The Derby Soldiers' Monument was the first Civil War memorial erected in the state and was dedicated on October 31, 1866. Unlike later monuments that frequently featured goddesses and soldiers, this one reflects the sober mood of the war and immediate postwar years. It is a solemn granite funereal memorial, an eighteen-foot-high granite obelisk that rests on a square, raised viewing platform with rounded-edge coping. In raised letters the dedication reads, “In memory of the Volunteers from Derby who lost their lives in the Great Rebellion, 1861–1865” along with the names of 49 privates and 4 officers from Derby who died in the war, from a town of 1,900 residents.
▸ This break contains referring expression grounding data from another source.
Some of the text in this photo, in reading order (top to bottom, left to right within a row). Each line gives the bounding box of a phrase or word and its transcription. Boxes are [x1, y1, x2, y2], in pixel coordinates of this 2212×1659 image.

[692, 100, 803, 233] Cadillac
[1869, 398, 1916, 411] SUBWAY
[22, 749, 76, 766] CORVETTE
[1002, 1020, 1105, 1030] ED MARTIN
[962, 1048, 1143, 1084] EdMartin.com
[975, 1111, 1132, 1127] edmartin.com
The monument sits above Derby Center on the highest point of a knoll surrounded by an open two-acre lawn and approached by a long pathway from Main Street (U.S. 5). Its location generated some controversy, as the town argued the merits of the site and whether the old burying ground or the green of Derby Academy, from which many of the war dead had graduated, might be more proper. The granite was quarried on a nearby farm, drawn by oxen to the academy common where it was cut, and then drawn by pieces to its site. In 1888 some fifty maple trees were planted along the north, east, and south sides of the lot. Proposals to turn a portion of the monument site into a parking lot so far have not come to pass, preserving the memorial as intended with a long serene and solemn approach.
As in most Vermont communities, the meaning of the monument evolved to include all veterans. So in 1917 three bronze plaques with the names of 256 citizens from Derby who served in the Civil War were added to the monument, amid exhortations to enlist to fight in the “War to End All Wars.”